Pirelli’s last official test for next year’s tyres was run at Paul Ricard last week, with Esteban Ocon at the wheel of a Mercedes W10.
However, due to the late finalisation of the target letter that it has to follow for 2020, the Italian company has requested an extra test to allow it to do more running with a new construction. The test is provisionally scheduled for October 7-8 at Barcelona.
The testing schedule is enshrined in the FIA Sporting Regulations, and thus in theory any change after April 30th requires unanimous support of the teams.
After a discussion at last week’s meeting in Geneva, where FIA president Jean Todt backed the move to allow the test and thus a construction change, a subsequent vote saw two teams oppose the addition of the test.
Despite the lack of unanimity, the FIA has apparently decreed that a 70 percent majority is sufficient to allow the test to take place.
In theory the FIA could also push the test through on safety grounds – which won’t require unanimity – utilising the argument that the extra testing is required to guarantee that the tyres Pirelli plans to use in 2020 are indeed safe.
In an added complication, the technical regulations specify that the 2020 construction has to be frozen by September 1, a target that Pirelli has missed.
Pirelli’s plans for a change in construction reflect the focus on a wider working range that has been requested for next year.
It’s understood that the change in question relates to the profile of the tyre rather than the tread depth that was a bone of contention earlier this year.
The late notice and the timing of the test between the flyaway races in Russia and Japan mean that only the top teams with the biggest resources will be able to do it. Mercedes is believed to have indicated that it is willing to take part.
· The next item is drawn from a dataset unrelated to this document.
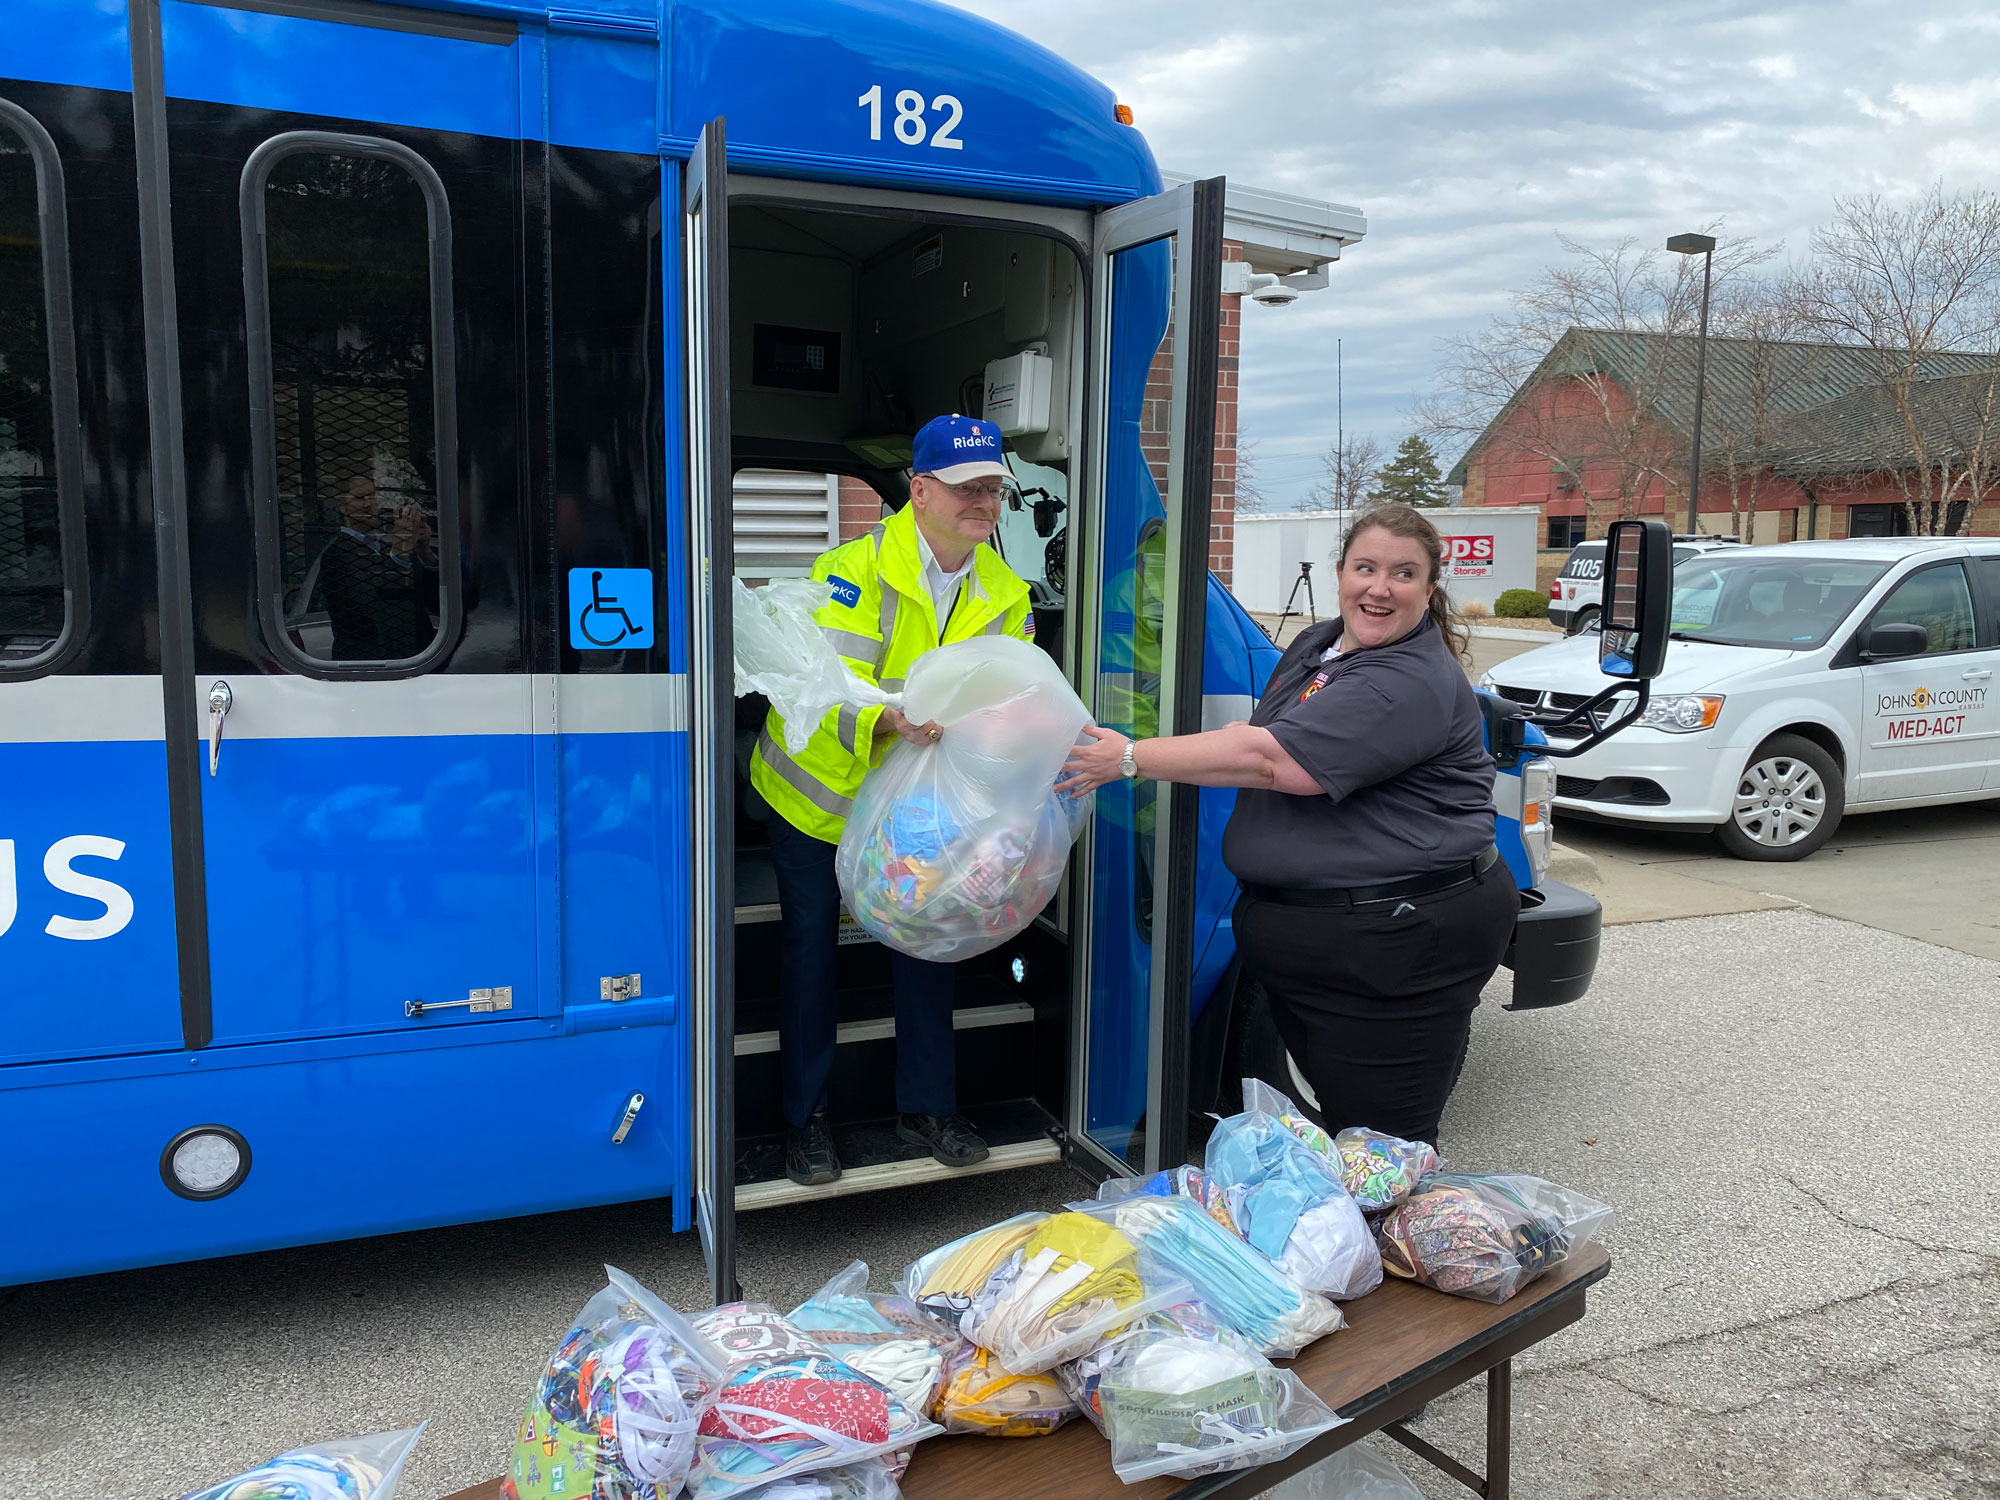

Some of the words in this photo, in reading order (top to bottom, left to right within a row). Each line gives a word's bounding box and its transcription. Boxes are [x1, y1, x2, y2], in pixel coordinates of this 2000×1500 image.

Some teams are concerned that whoever does the October test could potentially gain an advantage by trying the new construction – even in blind conditions – so late in the design process of the 2020 cars. A big team would potentially have just enough time to make any necessary changes to its suspension design.
Other teams have agreed that the test can take place for the good of the sport, even if they cannot provide a car and take part, as long as it is conducted on a fair basis.
“My view is that we have to be supportive with Pirelli,” Alfa Romeo boss Fred Vasseur told Motorsport.com. “People are always complaining about tyres, and if we want to improve the situation, we have to be supportive of them. The FIA asked us the question, and I gave my permission.”